Ramsey, a 31-year U.S. Army veteran, was the last of four Democratic candidates to enter a primary race that will determine who will face off against incumbent, Rep. Rod Blum. He will face current state representative Abby Finkenauer, businessman Thomas Heckroth and progressive Courtney Rowe for the nomination June 5.
“We want a stronger, brighter future for all Iowans, not just a few,” Ramsey told the group of about 20 voters. “The next representative has to be someone who, unlike Blum, realizes that they represent every person living within this district and not just the supporters of their party. I firmly believe that as a Republican, you should be able to walk in and cast a vote for a Democrat, and then walk out and feel good about doing that.”
“We (the candidates) are all going to have similar views on the issues. We talk about health care, we talk about what we can do to be able to improve not just the access to education for our kids, but to improve the quality of their experience, there, too.”
Ramsey, a Kansas City native who has resided in Iowa since 2012, stressed progressive values for Iowans during the meet-and-greet, emphasizing his key issues of education reform, health care, gun regulation and economic growth.
“When we wrote out this campaign, I did so after traveling around the district and listening to people talking about the issues that were important to them,” Ramsey said. “I understand the pulse of this community, and I’m going to continue to work as hard as I can to ensure that every voter has a voice. We really formed the entire infrastructure of this campaign based on that platform.”
First, he’ll need to defeat Finkenauer, who has collected the vast majority of endorsements and major donations of any candidate to this point, including that of the Democratic Congressional Campaign Committee.
A state representative since 2014, Finkenauer had reported campaign finances of $1.1 million, with $730,000 in cash-on-hand back on March 31 — a number which has likely grown exponentially during that time.
“I’m the strongest candidate in the field, but I’ve not raised the kind of money that Rep. Finkenauer has raised — or that the PACs that are supporting her, have raised,” Ramsey said. “But I do want to make it clear that we’ve done everything that we can to be right here with the people of this district, fourteen days away, and still be in the best position to win this race.”

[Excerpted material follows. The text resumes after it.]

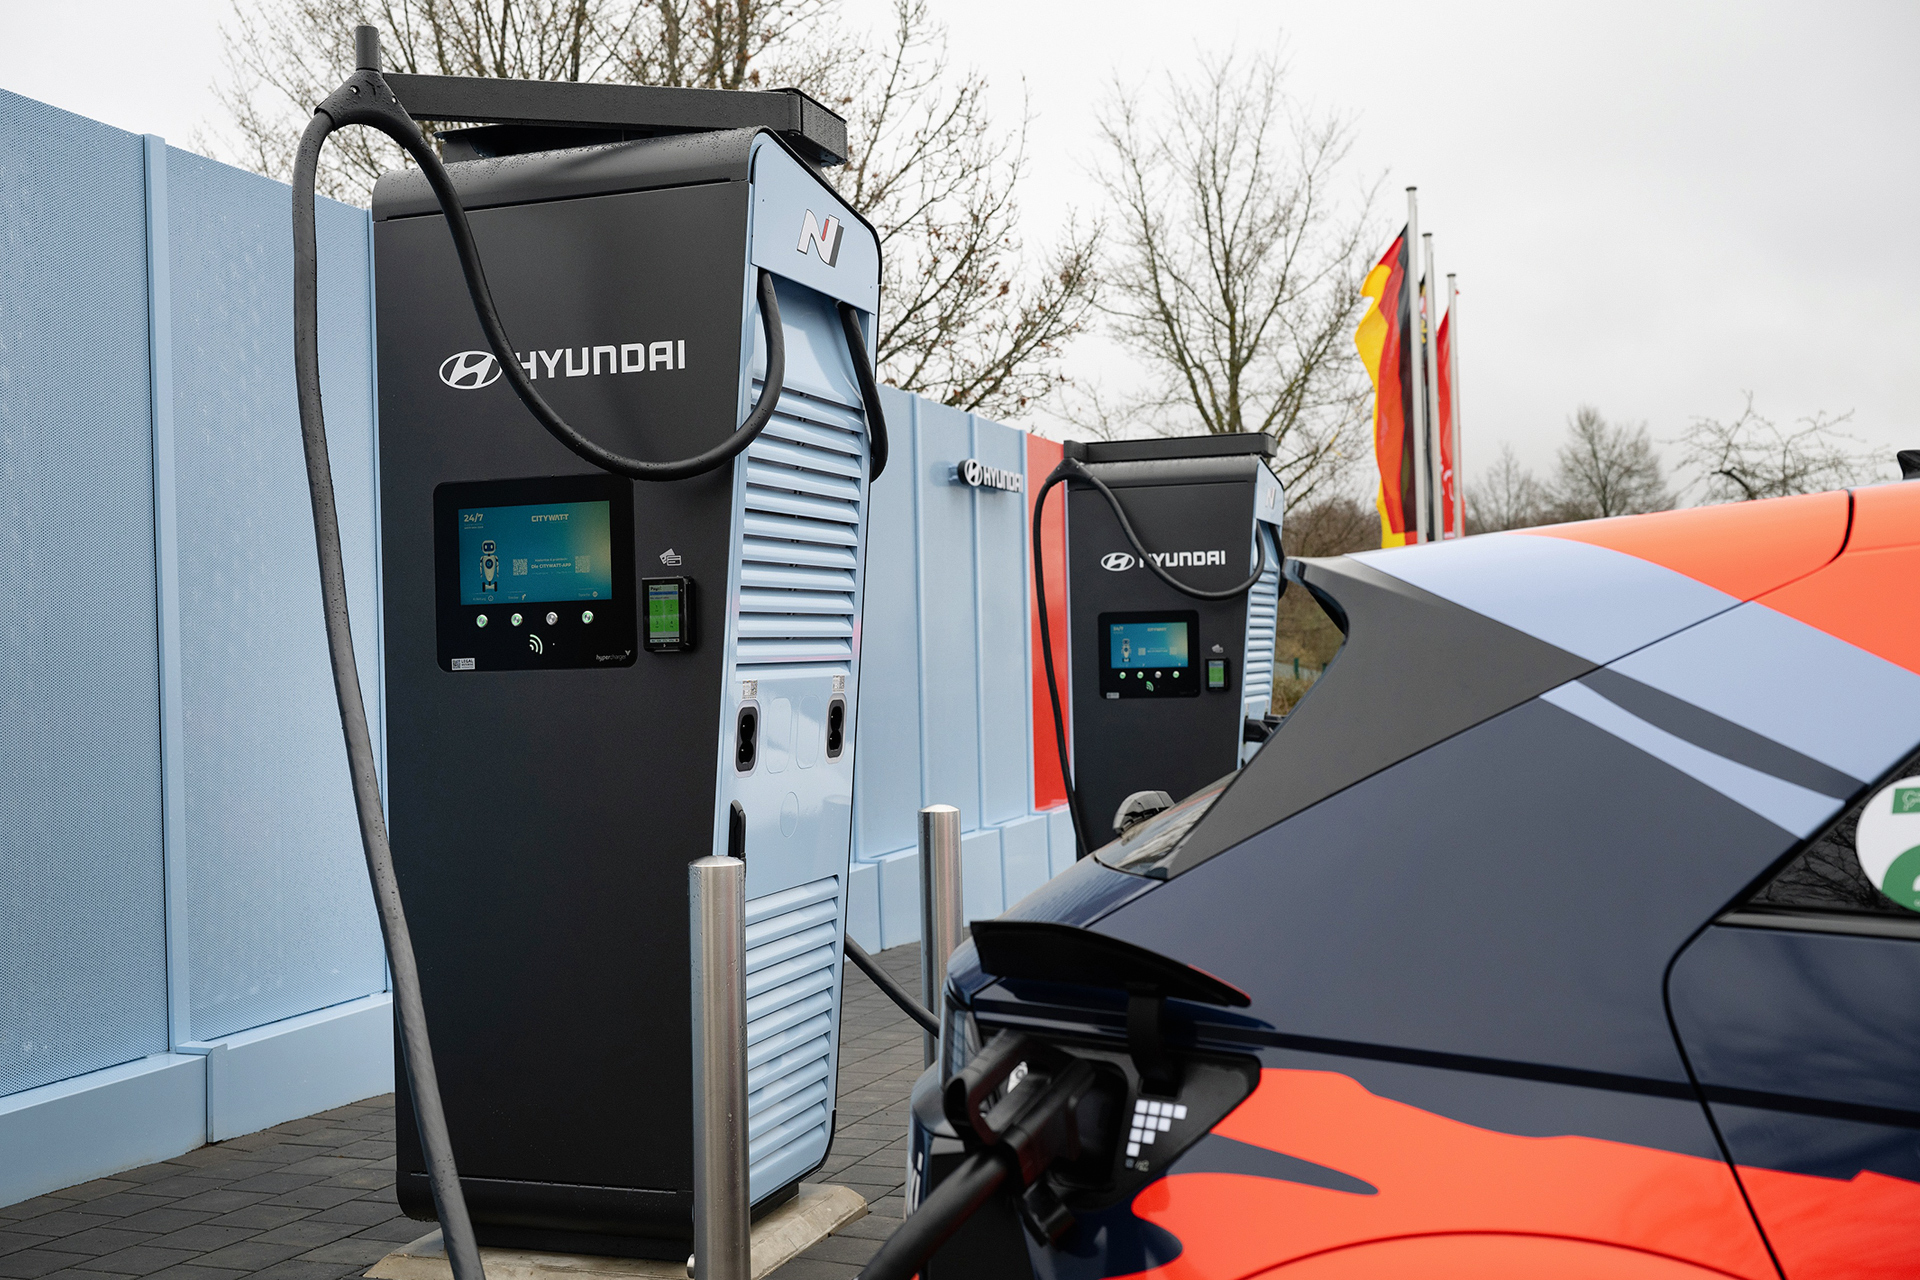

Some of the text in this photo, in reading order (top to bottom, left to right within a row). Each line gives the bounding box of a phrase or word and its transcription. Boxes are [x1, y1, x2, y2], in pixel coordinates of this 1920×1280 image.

[983, 466, 1024, 493] HYUNDAI
[463, 512, 484, 523] 24/7
[531, 513, 569, 523] CITYWATT

“We’re going to report close to $125,000 raised when we do our final report here next week. Guess what? Every dollar of that has either come from either my own personal investment, or from my family, my friends and people throughout this district. That’s a whole lot of $20 contributions.”
Ramsey’s appearance in Manchester marks the tail end of a series of grassroot meet-and-greet appearances in the district for the veteran. He began the two-hour session standing in the living room of the Kernan home, sipping coffee, talking about his love for Kansas City barbecue and showing off a stylish pair of Captain America high-top socks before the time came to get serious about the issues at hand.
“We certainly don’t want to fall into the same problem that Kansas is in — that Illinois, our neighbor, has fallen into. And so, if we don’t want to be in the same position, we’ve gotta vote Democrats in so we can stave that off,” Ramsey warned, before adding that he sees the 2014 and 2016 elections for the district as missed opportunities for the left.
“These are elections the Democrats should’ve won, but the Democratic playbook is one that has not positioned us to be successful in winning places outside of places like Black Hawk County and Dubuque County.”
“Part of that is because candidates are simply not coming to places like Manchester and meeting our neighbors and making sure we’re earning the vote of not only the Democrats in Manchester, but the independents and also some of those Republican voters that we need to sway to win.”
A key issue in America, especially in recent months, has been the debate over gun control. Many voters in attendance asked Ramsey questions concerning firearm regulation as well as how Ramsey would look to improve school security and safety in that area.
“It’s OK to support the constitution and to be a supporter, certainly, of the Second Amendment, but to also be concerned with the things that are happening with gun violence in the country,” Ramsey replied. “I think of all the candidates in this race, I’ve had more experience with firearms than anyone else. Who better to take the fight on for gun control than a career soldier, one who has the personal courage to talk about the seriousness of the issue, who lives in the same district of the former president of the NRA?”
Ramsey also took a hard stance against the notion of arming educators, saying that teachers, “need more books, not guns,” before turning the floor over to his chief media contact, Carlos Grant. Grant, an educator in Cedar Rapids, spoke from his own experience on topics such as school funding and the possible pitfalls of installing security measures like metal detectors in schools.
Grant concluded his analysis by offering his take on Ramsey’s candidacy. “I support George because of his candor, honesty and accountability to the people,” Grant said.
Ramsey urged voters to get out and educate themselves on the issues and to continue to operate as a unified community — despite differences in opinion or lifestyle — heading into the primaries on June 5.